OpenAI's almost unrestricted use of information from the internet as ChatGPT artificial intelligence training data continues to be a legal problem for the company as lawsuits questioning the problematic practice continue to increase.
To train ChatGPT, OpenAI reportedly leverages publicly available data, including online books and papers. Currently, their owners want payment for their labor.
The creation of AI models that are sweeping the tech industry requires training data. Prominent technology corporations such as Microsoft, Google, Anthropic, Meta, OpenAI, and Anthropic are all in a rush to locate fresh data sources. At one point, Meta even thought about purchasing one of the largest publishing houses in the world, Simon & Schuster.
Some of the issue stems from publishers' growing accusations against these businesses for purging protected information. They want payment for the labor they have done. In responses to the US Copyright Office, Meta and OpenAI contended that posting copyrighted content online qualifies it as "publicly available" and falls within fair use.
However, they will still need to present that defense in court because the business is being sued by multiple parties over the copyrighted content.
OpenAI vs. CIR
The nonprofit media group Center for Investigative Reporting (CIR), established earlier this year by merging with Mother Jones and Reveal, filed a complaint in federal court against Microsoft and OpenAI last week.
The lawsuit claims that intellectual property owned by CIR and other producers worldwide was used in the development of OpenAI.
The CIR's attorneys accused Microsoft and OpenAI of using Mother Jones' copyrighted material to train their GPT and Copilot AI models.
Previous OpenAI Lawsuits
Last April, OpenAI and Microsoft also faced legal action from several prominent newspapers, including the New York Daily News and the Chicago Tribune, owned by the Alden Capital Group.
According to the lawsuit, both IT corporations intentionally violated copyright. Several prominent newspapers citing copyright infringement have filed lawsuits against Microsoft and OpenAI, including the Chicago Tribune, Orlando Sentinel, New York Daily News, and San Jose Mercury News.
Alden Global Capital owns all of these newspapers, and it alleges that both firms used their content to train their AI models without giving them credit or getting permission.

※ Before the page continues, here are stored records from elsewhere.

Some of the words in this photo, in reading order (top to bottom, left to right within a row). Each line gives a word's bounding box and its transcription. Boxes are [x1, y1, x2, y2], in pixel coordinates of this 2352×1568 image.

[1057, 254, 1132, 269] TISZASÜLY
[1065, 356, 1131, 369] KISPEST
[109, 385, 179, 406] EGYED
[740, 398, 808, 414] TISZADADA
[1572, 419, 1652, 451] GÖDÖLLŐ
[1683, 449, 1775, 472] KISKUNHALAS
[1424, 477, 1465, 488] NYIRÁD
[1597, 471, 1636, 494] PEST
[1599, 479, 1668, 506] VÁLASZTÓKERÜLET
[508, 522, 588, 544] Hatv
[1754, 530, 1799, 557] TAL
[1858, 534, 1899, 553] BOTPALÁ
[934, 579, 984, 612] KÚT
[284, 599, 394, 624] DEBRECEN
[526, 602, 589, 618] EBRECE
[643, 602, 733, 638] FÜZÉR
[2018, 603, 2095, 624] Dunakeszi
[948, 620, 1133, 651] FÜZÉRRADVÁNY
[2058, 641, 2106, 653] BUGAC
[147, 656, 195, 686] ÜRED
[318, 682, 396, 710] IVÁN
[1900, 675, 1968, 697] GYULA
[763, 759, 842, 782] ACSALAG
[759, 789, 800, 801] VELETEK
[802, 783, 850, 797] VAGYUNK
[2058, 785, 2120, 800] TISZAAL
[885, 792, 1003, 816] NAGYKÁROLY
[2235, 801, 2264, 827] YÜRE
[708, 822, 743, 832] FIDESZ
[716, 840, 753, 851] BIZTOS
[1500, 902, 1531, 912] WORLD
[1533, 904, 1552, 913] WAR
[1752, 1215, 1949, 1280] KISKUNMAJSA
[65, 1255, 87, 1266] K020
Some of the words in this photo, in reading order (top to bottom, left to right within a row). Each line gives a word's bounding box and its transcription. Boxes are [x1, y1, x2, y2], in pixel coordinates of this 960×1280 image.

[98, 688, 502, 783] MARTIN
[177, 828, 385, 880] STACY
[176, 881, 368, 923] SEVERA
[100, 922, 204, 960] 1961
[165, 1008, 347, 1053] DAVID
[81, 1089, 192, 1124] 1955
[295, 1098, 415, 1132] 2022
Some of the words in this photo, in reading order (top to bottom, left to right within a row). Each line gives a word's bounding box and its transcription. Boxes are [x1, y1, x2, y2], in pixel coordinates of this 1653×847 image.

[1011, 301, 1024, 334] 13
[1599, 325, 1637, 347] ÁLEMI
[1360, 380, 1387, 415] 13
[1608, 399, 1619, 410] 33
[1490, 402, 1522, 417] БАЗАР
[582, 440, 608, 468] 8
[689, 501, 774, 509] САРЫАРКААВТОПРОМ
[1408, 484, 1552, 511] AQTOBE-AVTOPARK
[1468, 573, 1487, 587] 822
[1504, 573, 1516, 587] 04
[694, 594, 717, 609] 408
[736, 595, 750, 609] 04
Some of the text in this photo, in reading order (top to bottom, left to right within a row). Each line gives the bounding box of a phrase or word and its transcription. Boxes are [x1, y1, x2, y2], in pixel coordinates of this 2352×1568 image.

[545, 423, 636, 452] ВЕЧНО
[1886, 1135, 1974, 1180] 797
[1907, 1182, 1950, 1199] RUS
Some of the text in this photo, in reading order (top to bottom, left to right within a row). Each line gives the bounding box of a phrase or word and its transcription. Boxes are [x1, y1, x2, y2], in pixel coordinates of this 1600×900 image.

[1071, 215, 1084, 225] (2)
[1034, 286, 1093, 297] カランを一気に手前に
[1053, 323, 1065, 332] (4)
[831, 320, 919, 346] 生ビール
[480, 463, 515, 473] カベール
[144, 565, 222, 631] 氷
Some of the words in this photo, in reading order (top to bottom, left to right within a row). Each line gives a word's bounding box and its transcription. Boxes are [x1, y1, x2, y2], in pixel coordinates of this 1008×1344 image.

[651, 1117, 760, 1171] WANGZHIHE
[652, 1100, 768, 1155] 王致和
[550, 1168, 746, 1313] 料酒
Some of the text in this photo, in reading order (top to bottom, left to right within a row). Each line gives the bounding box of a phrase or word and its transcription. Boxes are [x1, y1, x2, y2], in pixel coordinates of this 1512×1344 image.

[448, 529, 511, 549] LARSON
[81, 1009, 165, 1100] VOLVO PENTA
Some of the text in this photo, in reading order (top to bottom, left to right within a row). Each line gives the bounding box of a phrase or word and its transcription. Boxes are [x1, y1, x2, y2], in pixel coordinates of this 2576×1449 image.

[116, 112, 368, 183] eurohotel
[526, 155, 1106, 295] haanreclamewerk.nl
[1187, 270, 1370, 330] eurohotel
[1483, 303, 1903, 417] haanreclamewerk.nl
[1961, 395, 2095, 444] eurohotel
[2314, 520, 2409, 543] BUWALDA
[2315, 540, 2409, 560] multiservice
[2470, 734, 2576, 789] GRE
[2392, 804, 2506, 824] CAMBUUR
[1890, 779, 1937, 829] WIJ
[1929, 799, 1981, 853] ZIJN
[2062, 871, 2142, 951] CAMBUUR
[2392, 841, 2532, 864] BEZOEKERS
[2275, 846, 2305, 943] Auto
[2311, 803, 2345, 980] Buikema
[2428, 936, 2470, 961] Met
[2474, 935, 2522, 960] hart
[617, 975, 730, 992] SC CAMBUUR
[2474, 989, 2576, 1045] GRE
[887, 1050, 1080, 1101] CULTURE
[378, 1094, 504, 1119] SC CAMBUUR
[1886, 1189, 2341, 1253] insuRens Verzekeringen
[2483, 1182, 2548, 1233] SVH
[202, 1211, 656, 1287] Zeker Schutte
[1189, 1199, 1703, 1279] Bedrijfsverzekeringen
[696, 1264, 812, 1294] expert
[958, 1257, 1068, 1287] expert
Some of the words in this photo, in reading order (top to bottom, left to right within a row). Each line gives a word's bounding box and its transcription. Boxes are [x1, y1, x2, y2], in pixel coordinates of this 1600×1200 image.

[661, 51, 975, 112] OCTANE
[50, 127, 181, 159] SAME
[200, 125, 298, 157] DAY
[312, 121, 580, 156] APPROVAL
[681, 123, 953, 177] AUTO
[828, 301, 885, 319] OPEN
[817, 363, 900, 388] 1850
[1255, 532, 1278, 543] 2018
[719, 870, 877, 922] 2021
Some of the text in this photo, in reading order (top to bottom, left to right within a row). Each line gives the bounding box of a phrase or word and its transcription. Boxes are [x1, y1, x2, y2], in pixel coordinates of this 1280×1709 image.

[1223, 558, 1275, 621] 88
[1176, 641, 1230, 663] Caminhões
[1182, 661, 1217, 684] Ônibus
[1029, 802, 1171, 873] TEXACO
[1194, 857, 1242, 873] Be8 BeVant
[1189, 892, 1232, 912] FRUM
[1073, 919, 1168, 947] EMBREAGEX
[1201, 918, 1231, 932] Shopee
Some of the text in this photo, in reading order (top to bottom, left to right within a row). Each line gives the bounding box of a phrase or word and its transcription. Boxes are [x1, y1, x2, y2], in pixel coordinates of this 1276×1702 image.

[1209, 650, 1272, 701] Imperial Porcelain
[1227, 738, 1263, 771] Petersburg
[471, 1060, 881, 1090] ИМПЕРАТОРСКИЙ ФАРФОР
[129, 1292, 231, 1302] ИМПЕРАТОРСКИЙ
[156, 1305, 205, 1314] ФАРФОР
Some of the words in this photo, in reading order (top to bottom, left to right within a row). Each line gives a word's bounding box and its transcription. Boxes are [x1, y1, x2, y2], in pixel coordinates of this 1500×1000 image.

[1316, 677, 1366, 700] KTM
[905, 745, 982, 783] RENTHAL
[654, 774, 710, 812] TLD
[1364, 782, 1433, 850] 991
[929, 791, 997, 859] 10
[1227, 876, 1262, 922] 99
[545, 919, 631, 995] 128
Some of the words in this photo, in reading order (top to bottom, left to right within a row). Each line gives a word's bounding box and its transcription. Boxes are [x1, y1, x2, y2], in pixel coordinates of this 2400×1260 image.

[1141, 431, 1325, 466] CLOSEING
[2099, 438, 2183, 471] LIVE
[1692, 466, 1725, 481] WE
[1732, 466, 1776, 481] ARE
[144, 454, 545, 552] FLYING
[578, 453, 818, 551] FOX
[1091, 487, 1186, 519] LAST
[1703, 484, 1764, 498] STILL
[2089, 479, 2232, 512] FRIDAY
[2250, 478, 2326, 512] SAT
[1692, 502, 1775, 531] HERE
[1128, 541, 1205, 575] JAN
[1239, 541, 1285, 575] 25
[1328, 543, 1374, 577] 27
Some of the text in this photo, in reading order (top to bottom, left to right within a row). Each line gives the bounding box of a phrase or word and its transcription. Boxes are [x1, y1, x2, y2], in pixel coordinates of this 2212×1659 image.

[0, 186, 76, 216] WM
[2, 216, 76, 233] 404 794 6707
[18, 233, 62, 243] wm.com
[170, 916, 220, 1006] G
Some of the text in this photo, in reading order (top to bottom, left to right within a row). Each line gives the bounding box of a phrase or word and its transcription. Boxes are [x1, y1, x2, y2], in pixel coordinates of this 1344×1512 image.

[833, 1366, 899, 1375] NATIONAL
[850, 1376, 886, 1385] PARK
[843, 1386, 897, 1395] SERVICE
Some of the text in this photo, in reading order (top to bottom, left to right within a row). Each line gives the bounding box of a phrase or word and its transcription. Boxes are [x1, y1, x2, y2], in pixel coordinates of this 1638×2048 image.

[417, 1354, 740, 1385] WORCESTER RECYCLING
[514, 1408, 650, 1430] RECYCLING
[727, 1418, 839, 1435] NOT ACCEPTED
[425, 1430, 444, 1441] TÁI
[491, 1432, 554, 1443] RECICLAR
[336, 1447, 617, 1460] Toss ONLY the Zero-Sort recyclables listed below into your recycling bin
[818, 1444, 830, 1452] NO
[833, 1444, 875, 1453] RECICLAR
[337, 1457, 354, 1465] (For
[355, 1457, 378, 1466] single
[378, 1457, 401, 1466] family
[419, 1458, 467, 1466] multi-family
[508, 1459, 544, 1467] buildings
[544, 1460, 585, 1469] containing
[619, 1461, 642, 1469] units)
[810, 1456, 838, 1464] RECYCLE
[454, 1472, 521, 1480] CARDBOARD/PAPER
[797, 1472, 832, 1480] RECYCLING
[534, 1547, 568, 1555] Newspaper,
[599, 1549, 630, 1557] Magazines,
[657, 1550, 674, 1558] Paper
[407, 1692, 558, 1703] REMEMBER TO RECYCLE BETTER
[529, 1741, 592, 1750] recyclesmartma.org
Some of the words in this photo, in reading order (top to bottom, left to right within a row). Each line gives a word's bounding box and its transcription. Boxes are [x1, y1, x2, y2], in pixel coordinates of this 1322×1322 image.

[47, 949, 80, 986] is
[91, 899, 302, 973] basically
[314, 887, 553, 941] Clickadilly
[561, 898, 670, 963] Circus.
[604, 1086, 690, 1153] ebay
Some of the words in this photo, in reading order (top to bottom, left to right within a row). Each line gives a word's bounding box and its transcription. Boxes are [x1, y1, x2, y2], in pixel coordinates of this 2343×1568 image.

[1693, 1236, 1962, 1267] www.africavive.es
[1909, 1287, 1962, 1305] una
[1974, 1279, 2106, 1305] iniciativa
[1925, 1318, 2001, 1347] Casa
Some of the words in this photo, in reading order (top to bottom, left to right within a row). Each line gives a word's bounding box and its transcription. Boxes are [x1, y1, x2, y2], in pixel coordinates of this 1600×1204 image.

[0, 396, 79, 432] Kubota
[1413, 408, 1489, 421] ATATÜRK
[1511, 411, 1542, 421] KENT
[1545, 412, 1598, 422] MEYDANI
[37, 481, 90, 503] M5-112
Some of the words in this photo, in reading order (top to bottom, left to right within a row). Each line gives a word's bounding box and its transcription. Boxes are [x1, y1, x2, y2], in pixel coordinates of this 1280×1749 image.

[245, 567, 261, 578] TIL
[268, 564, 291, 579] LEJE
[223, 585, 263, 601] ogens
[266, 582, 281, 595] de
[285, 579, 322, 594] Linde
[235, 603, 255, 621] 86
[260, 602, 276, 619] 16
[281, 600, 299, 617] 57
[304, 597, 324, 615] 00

The case includes data from conversations with ChatGPT and Copilot showing that, when asked, these artificial intelligence models produced long quotes from particular publications.
This implies that the aforementioned items were included in the training datasets without obtaining permission from the relevant media.
They also demonstrated Copilot's capabilities by showing how it can retrieve news stories instantly from the internet and duplicate them in their entirety without crediting the sources. Moreover, the companies claim that these chatbots regularly mistakenly link publications to false material or fabrications.